ヴァリエーションが好きやねん vol.2

今古川遡行 13.9.14



▲裏見の滝に回り込んで

昨年、雪渓のために撤退を余儀なくされた小仙丈沢の計画を立てたが
13日の金曜日のお昼に天気予報を見ると、14日の長野県南部の降水確率は40%に上がっていた。
さらに、雷にも注意とか。
そんな状況に、計画者としては二の足を踏まざるをえない。
次回、小仙丈沢にチャレンジする時は快晴の日限定と心に決めていただけに
余計気持ちが萎えてしまった。

13日の夜、重い気持ちを引きずりながら集合場所に向かう。
参加者に、小仙丈沢の天気の状態が芳しくないこと、
そして予定を変更して今古川に変更したいことを伝えると
みんなオッケーだと言う。
しかし、今古川の名前を知っている者は誰もいなかった。(笑)

僕自身も地形図にたどるであろうルートを鉛筆でなぞり、
GPSは持参したもののルート図さえ入れていないお粗末さ。
いや、時間がなかったので準備できなかった。
小仙丈沢は準備万端だったのだが・・・。

● ● ●

13日の夜、三方の某所で幕営。
翌朝、幕営地近くのだだっ広いコンビニの端っこに車を駐め入渓地点に向かう。

大きなダムのような堰堤が現れたが
右へ行くのか、左へ行くのかわからない。
堰堤の左岸に階段があって行けそうだったので
階段を上って行くが、登りきったところで行き止まり。万事休す。

堰堤を少し戻ったところに整備された登山道があった。
林道を歩いてきた時にだれもそれに気づかなかった。
なぜだろう・・・。

堰堤を大きく巻くように道が続いている。
はたしてこの道は入渓地点に続いているのだろうか。
刹那、不安になる。




今古川に流れ込む枝沢に降りて来た。
その枝沢を下っても今古川に降り立つことができるのだが
歩きにくそうな感じだったので
踏み跡の薄くなって来た登山道をさらにトラバース気味に進むと
今古川に降り立つことができた。

入渓準備をして、8時過ぎにレディゴー。

入渓した所は、少し暗めの沢かなという感じ。
サングラスをしているから余計そういう風に感じたかも。
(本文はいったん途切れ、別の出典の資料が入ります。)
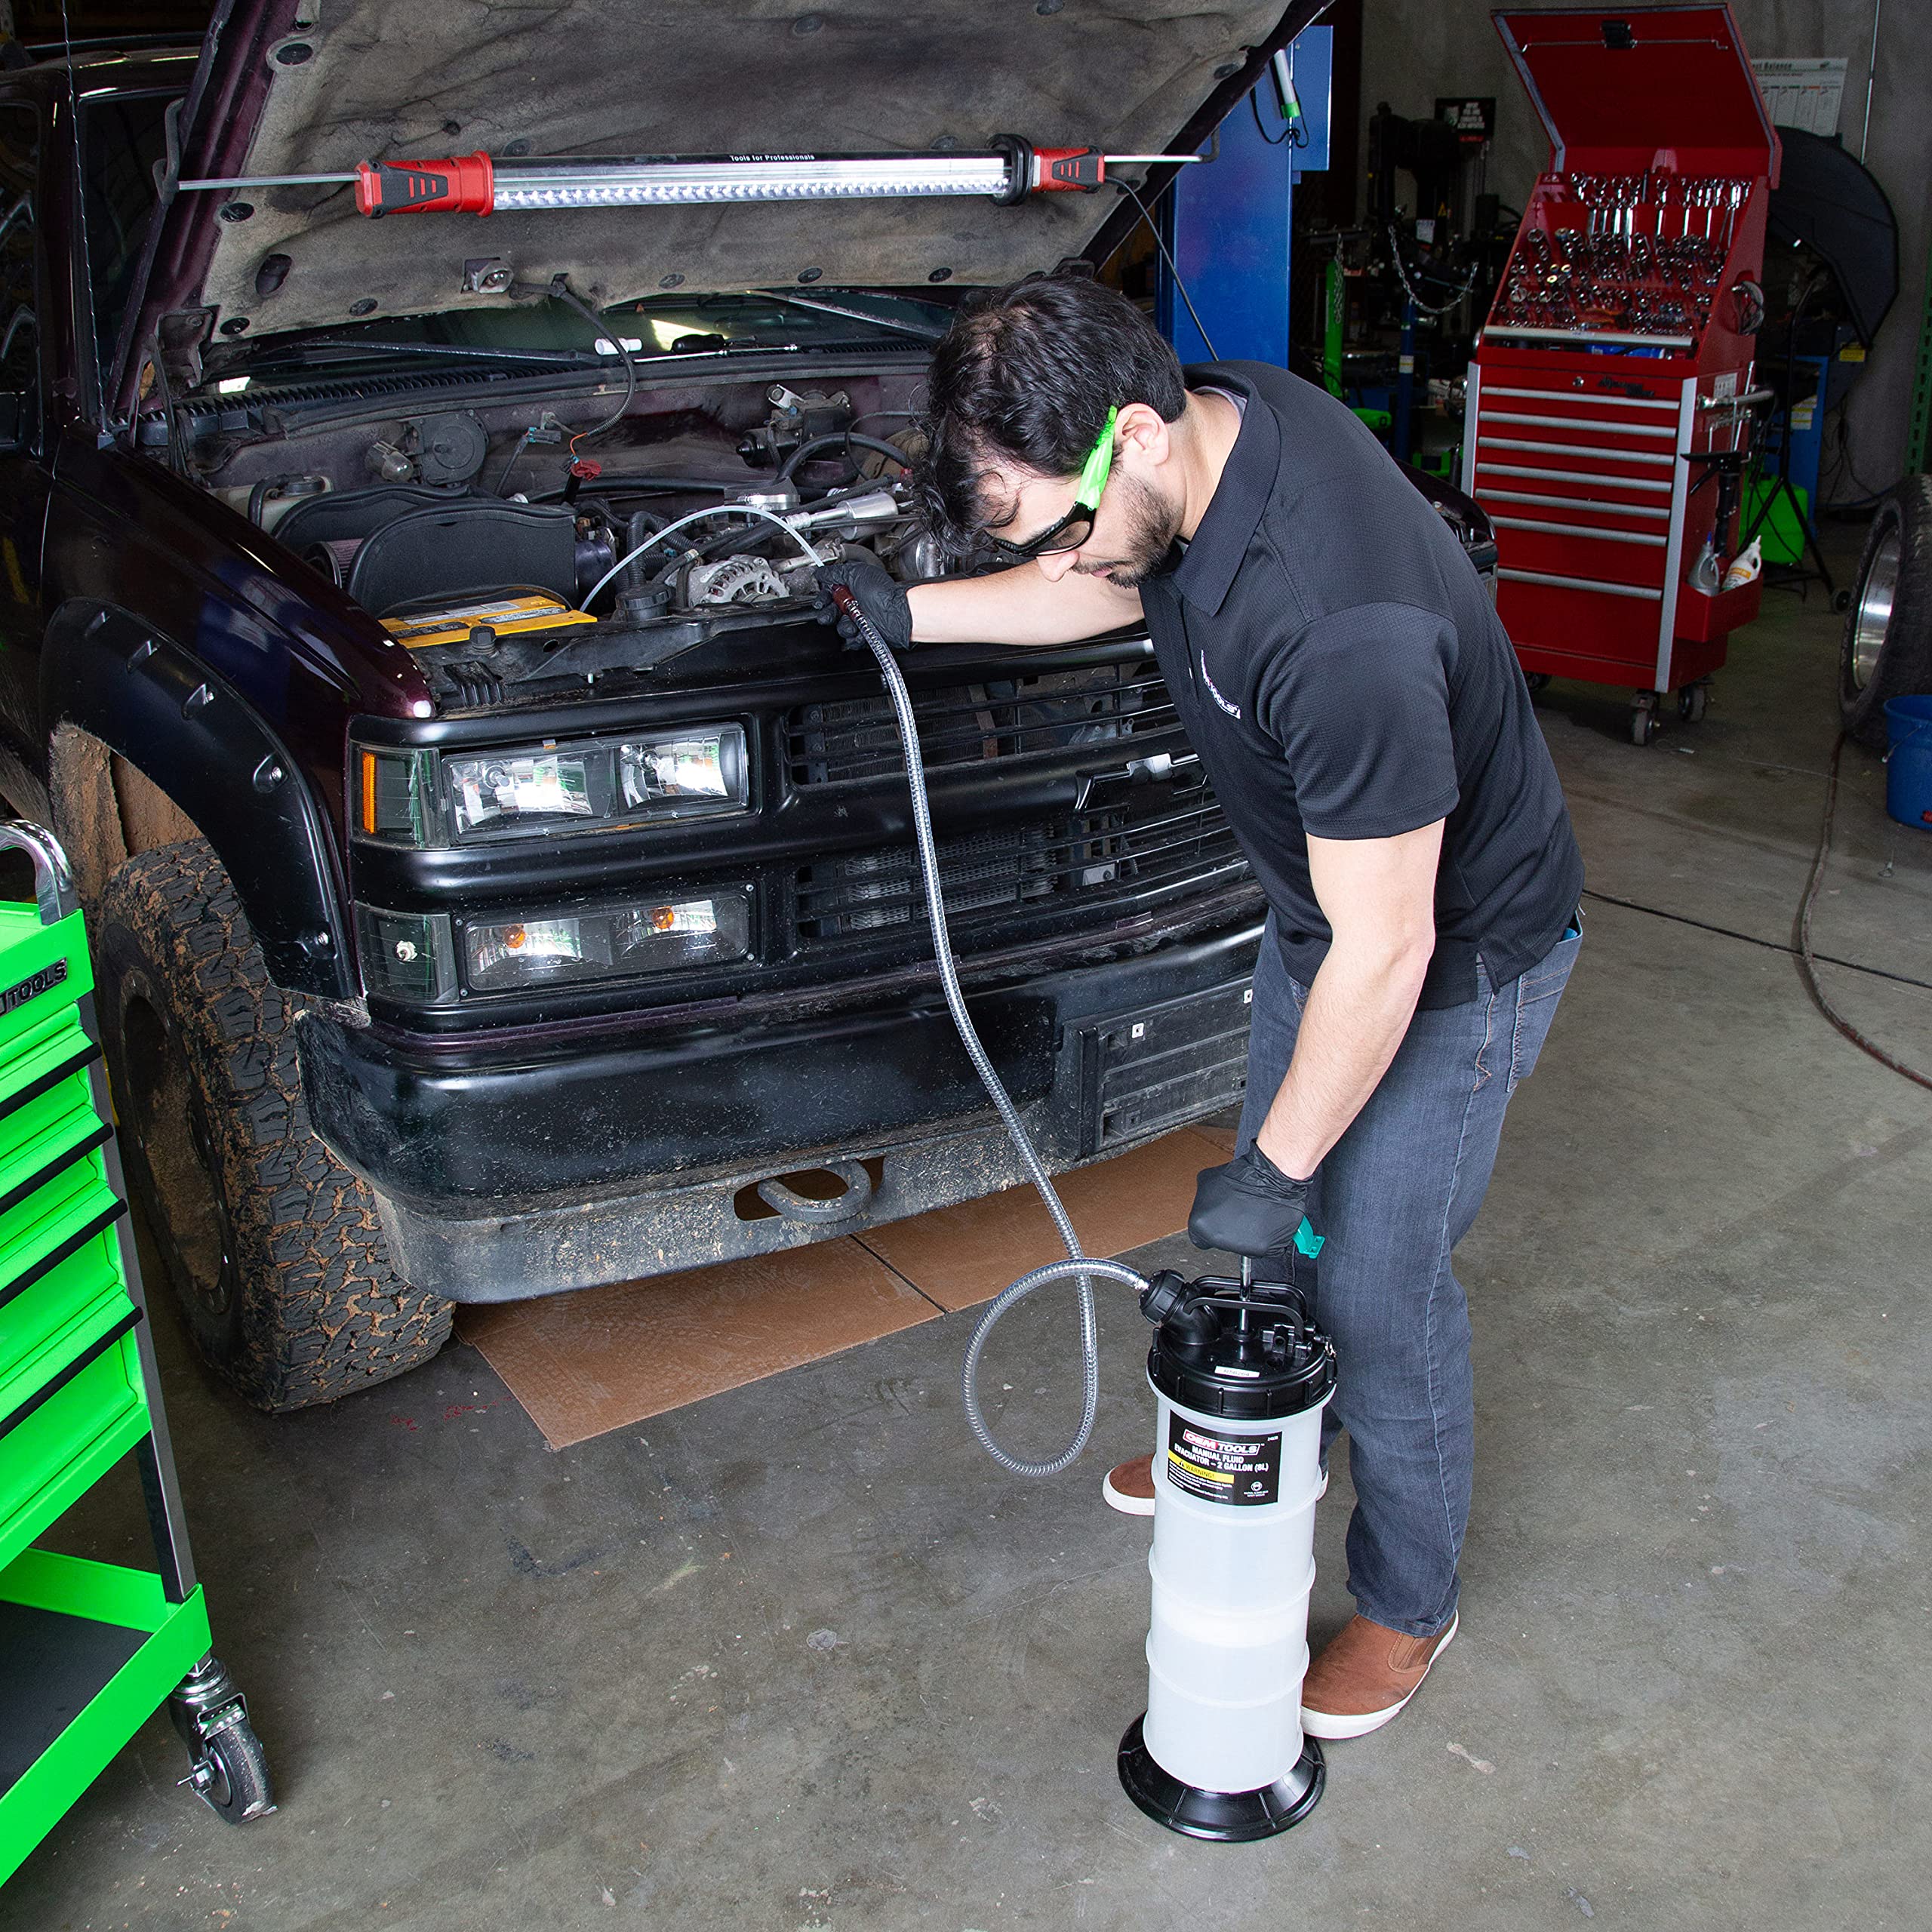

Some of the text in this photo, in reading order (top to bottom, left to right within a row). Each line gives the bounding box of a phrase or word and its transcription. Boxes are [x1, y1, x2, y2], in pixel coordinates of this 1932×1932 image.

[1192, 1445, 1244, 1464] MANUAL FLUID
[1217, 1443, 1258, 1454] TOOLS
[1174, 1443, 1210, 1466] EVACUATOR
[1217, 1461, 1223, 1470] 2
[1223, 1463, 1254, 1472] GALLON
[1254, 1463, 1269, 1473] (8L)
[1186, 1463, 1214, 1479] WARNING!
(笑)




前日に雨が降ったのか、水量は多そう。
進むと、5mほどの滝が次から次へと出て来る。

コリャ、オモシロイワ!!!







巻いてもよし、水を浴びながらシャワークライムしてもよし。
ここの沢で気づいたのは
大峰・台高にあるような深い釜とか淵がないこと。

5mほどの滝が多いだけに釜を擁している滝でもあれば
足を滑らせても釜が受けとめてくれるからもっと攻めの遡行を出来るかもねと。




メンバーの中でやけに積極果敢さが一番目立ってた人。(笑)




裏見の滝。(9時30分)
今古川で一番ホットなセールスポイントになるところ。

滝の右側から4mほど登れば滝の裏側に回り込め
裏側から見る景観はなんとも言えない雰囲気。
冒頭イメージ写真がそう。

この滝を前にしてちょっと長めの休憩タイム。




その裏見の滝の前で恒例のメモリーショット。




今日の仲間は、なためさん、ハラッチさん、キャットさん、ミントさん、ユーエス

さてこの滝をどういう風に攻略するか。

なためさんは、滝を中段まで登り、滝裏を通って左壁の方から登ってみるという。
(結果はそれが正解みたいで、他のレポも滝裏を通っていた。)

残りのメンバーは、左岸にも巻いたような踏み跡があったので
左岸から大きく巻いて行く。

裏見の滝の上に、マンホールの蓋をも持ち上げるような勢いのある
沸き出しているちょっと変った滝もあるのだが
その滝も一気に巻いてしまった。

裏見の滝以後は、しばらく退屈しそうな渓相が続く。

もう滝も終わりかなと思っていたら
沢のメリハリをつけるような5mほどの斜瀑が出現。

この斜瀑ではじめてザイルを出して全員チャレンジ。







水線も細くなってきたあたりから
シダが生い茂る中を進んで行くが踏み跡はうっすらと識別できた。

650mあたりの1:1の分岐で
右へ行くか、左へ行くが判断に迷った。
(結果論だが、どちらへ進んでも林道には出たはず。)

雲谷山、13時30分。




雲谷山からは明瞭な登山道が続き、三方石観世音15時40分。

さあ、ここから車を駐めてあるところに戻るのが大変だと思っていたのだが
三方石観世音の関係者にタクシーの手配を頼んでみたら、すぐ来てくれるという。
しかも来たタクシーが5人乗りのタクシーだったので大助かりだった。

車の中には小仙丈沢行きのすき焼きの食材が積んである、たいらげなくっちゃ。
大阪に帰るには、十分時間はあった。
きららの湯に入って、沢でしみこんだあの臭いを洗いおとす。
再び幕営地近くに移動し、車を駐めた駐車場の片隅ですき焼きを囲んで今古川の一日を振り返った。